(Text-to-region grounding data)
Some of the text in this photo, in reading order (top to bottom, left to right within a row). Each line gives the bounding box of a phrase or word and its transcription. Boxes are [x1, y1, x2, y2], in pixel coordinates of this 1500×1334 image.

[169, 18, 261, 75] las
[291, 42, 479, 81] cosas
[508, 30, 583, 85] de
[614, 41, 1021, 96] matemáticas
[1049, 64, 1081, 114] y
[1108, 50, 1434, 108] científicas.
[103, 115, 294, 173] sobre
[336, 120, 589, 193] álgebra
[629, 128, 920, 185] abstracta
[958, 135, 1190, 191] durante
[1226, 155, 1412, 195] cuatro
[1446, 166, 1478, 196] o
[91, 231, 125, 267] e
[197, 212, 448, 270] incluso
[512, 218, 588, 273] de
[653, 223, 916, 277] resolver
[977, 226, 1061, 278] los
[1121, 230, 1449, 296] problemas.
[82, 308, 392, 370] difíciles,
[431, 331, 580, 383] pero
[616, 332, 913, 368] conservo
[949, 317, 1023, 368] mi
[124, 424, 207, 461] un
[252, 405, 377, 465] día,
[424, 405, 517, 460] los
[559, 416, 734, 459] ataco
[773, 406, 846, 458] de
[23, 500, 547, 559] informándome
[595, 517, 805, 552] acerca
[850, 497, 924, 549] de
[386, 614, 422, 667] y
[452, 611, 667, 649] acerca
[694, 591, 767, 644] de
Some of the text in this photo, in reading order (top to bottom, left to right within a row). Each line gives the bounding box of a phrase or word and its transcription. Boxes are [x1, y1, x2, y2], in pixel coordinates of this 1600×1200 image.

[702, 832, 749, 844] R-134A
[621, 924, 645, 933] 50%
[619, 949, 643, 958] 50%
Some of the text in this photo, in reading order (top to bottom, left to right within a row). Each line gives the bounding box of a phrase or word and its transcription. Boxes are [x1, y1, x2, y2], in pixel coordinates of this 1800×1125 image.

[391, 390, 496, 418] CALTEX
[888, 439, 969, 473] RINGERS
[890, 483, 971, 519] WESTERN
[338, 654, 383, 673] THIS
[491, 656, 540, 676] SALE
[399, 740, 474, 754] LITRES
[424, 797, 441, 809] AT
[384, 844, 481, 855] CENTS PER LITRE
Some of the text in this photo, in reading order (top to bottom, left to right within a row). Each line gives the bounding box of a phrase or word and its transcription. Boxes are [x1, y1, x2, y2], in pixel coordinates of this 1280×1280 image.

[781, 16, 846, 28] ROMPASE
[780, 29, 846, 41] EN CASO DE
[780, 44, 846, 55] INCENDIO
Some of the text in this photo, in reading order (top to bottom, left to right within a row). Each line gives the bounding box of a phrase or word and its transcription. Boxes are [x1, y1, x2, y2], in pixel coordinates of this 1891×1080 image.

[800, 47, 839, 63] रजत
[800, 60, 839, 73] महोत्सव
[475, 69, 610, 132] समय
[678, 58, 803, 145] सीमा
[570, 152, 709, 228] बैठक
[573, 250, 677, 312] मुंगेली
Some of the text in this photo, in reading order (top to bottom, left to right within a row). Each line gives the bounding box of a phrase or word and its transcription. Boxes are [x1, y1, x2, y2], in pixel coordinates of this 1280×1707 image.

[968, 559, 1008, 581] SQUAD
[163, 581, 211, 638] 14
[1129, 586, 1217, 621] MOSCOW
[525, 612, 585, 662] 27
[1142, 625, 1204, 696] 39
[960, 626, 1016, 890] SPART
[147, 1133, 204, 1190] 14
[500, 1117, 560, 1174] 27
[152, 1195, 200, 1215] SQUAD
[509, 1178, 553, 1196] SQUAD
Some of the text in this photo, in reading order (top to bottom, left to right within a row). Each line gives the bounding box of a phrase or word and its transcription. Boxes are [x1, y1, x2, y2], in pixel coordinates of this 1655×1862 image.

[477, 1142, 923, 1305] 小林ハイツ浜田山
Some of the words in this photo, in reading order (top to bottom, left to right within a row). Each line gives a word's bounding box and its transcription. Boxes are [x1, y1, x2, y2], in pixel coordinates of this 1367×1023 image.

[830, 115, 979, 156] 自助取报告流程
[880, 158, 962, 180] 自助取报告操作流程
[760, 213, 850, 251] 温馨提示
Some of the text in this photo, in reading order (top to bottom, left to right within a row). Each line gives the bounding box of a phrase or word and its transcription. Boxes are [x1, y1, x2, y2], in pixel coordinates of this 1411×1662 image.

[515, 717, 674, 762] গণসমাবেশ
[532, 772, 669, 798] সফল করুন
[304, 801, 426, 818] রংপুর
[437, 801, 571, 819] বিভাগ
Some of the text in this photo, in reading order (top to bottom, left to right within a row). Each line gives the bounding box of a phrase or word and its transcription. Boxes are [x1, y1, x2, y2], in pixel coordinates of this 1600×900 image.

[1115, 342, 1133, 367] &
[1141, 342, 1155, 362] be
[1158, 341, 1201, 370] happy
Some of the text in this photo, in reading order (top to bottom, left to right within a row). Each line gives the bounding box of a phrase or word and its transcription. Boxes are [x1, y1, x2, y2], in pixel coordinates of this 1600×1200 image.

# REQUIREMENT
The entries above need to be repeated in full, exactly as written.

# EXPECTED OUTPUT
Some of the text in this photo, in reading order (top to bottom, left to right within a row). Each line gives the bounding box of a phrase or word and its transcription. Boxes are [x1, y1, x2, y2], in pixel coordinates of this 1500×1334 image.

[169, 18, 261, 75] las
[291, 42, 479, 81] cosas
[508, 30, 583, 85] de
[614, 41, 1021, 96] matemáticas
[1049, 64, 1081, 114] y
[1108, 50, 1434, 108] científicas.
[103, 115, 294, 173] sobre
[336, 120, 589, 193] álgebra
[629, 128, 920, 185] abstracta
[958, 135, 1190, 191] durante
[1226, 155, 1412, 195] cuatro
[1446, 166, 1478, 196] o
[91, 231, 125, 267] e
[197, 212, 448, 270] incluso
[512, 218, 588, 273] de
[653, 223, 916, 277] resolver
[977, 226, 1061, 278] los
[1121, 230, 1449, 296] problemas.
[82, 308, 392, 370] difíciles,
[431, 331, 580, 383] pero
[616, 332, 913, 368] conservo
[949, 317, 1023, 368] mi
[124, 424, 207, 461] un
[252, 405, 377, 465] día,
[424, 405, 517, 460] los
[559, 416, 734, 459] ataco
[773, 406, 846, 458] de
[23, 500, 547, 559] informándome
[595, 517, 805, 552] acerca
[850, 497, 924, 549] de
[386, 614, 422, 667] y
[452, 611, 667, 649] acerca
[694, 591, 767, 644] de
Some of the text in this photo, in reading order (top to bottom, left to right within a row). Each line gives the bounding box of a phrase or word and its transcription. Boxes are [x1, y1, x2, y2], in pixel coordinates of this 1600×1200 image.

[702, 832, 749, 844] R-134A
[621, 924, 645, 933] 50%
[619, 949, 643, 958] 50%
Some of the text in this photo, in reading order (top to bottom, left to right within a row). Each line gives the bounding box of a phrase or word and its transcription. Boxes are [x1, y1, x2, y2], in pixel coordinates of this 1800×1125 image.

[391, 390, 496, 418] CALTEX
[888, 439, 969, 473] RINGERS
[890, 483, 971, 519] WESTERN
[338, 654, 383, 673] THIS
[491, 656, 540, 676] SALE
[399, 740, 474, 754] LITRES
[424, 797, 441, 809] AT
[384, 844, 481, 855] CENTS PER LITRE
Some of the text in this photo, in reading order (top to bottom, left to right within a row). Each line gives the bounding box of a phrase or word and its transcription. Boxes are [x1, y1, x2, y2], in pixel coordinates of this 1280×1280 image.

[781, 16, 846, 28] ROMPASE
[780, 29, 846, 41] EN CASO DE
[780, 44, 846, 55] INCENDIO
Some of the text in this photo, in reading order (top to bottom, left to right within a row). Each line gives the bounding box of a phrase or word and its transcription. Boxes are [x1, y1, x2, y2], in pixel coordinates of this 1891×1080 image.

[800, 47, 839, 63] रजत
[800, 60, 839, 73] महोत्सव
[475, 69, 610, 132] समय
[678, 58, 803, 145] सीमा
[570, 152, 709, 228] बैठक
[573, 250, 677, 312] मुंगेली
Some of the text in this photo, in reading order (top to bottom, left to right within a row). Each line gives the bounding box of a phrase or word and its transcription. Boxes are [x1, y1, x2, y2], in pixel coordinates of this 1280×1707 image.

[968, 559, 1008, 581] SQUAD
[163, 581, 211, 638] 14
[1129, 586, 1217, 621] MOSCOW
[525, 612, 585, 662] 27
[1142, 625, 1204, 696] 39
[960, 626, 1016, 890] SPART
[147, 1133, 204, 1190] 14
[500, 1117, 560, 1174] 27
[152, 1195, 200, 1215] SQUAD
[509, 1178, 553, 1196] SQUAD
Some of the text in this photo, in reading order (top to bottom, left to right within a row). Each line gives the bounding box of a phrase or word and its transcription. Boxes are [x1, y1, x2, y2], in pixel coordinates of this 1655×1862 image.

[477, 1142, 923, 1305] 小林ハイツ浜田山
Some of the words in this photo, in reading order (top to bottom, left to right within a row). Each line gives a word's bounding box and its transcription. Boxes are [x1, y1, x2, y2], in pixel coordinates of this 1367×1023 image.

[830, 115, 979, 156] 自助取报告流程
[880, 158, 962, 180] 自助取报告操作流程
[760, 213, 850, 251] 温馨提示
Some of the text in this photo, in reading order (top to bottom, left to right within a row). Each line gives the bounding box of a phrase or word and its transcription. Boxes are [x1, y1, x2, y2], in pixel coordinates of this 1411×1662 image.

[515, 717, 674, 762] গণসমাবেশ
[532, 772, 669, 798] সফল করুন
[304, 801, 426, 818] রংপুর
[437, 801, 571, 819] বিভাগ
Some of the text in this photo, in reading order (top to bottom, left to right within a row). Each line gives the bounding box of a phrase or word and its transcription. Boxes are [x1, y1, x2, y2], in pixel coordinates of this 1600×900 image.

[1115, 342, 1133, 367] &
[1141, 342, 1155, 362] be
[1158, 341, 1201, 370] happy
Some of the text in this photo, in reading order (top to bottom, left to right within a row). Each line gives the bounding box of a phrase or word and its transcription. Boxes are [x1, y1, x2, y2], in pixel coordinates of this 1600×1200 image.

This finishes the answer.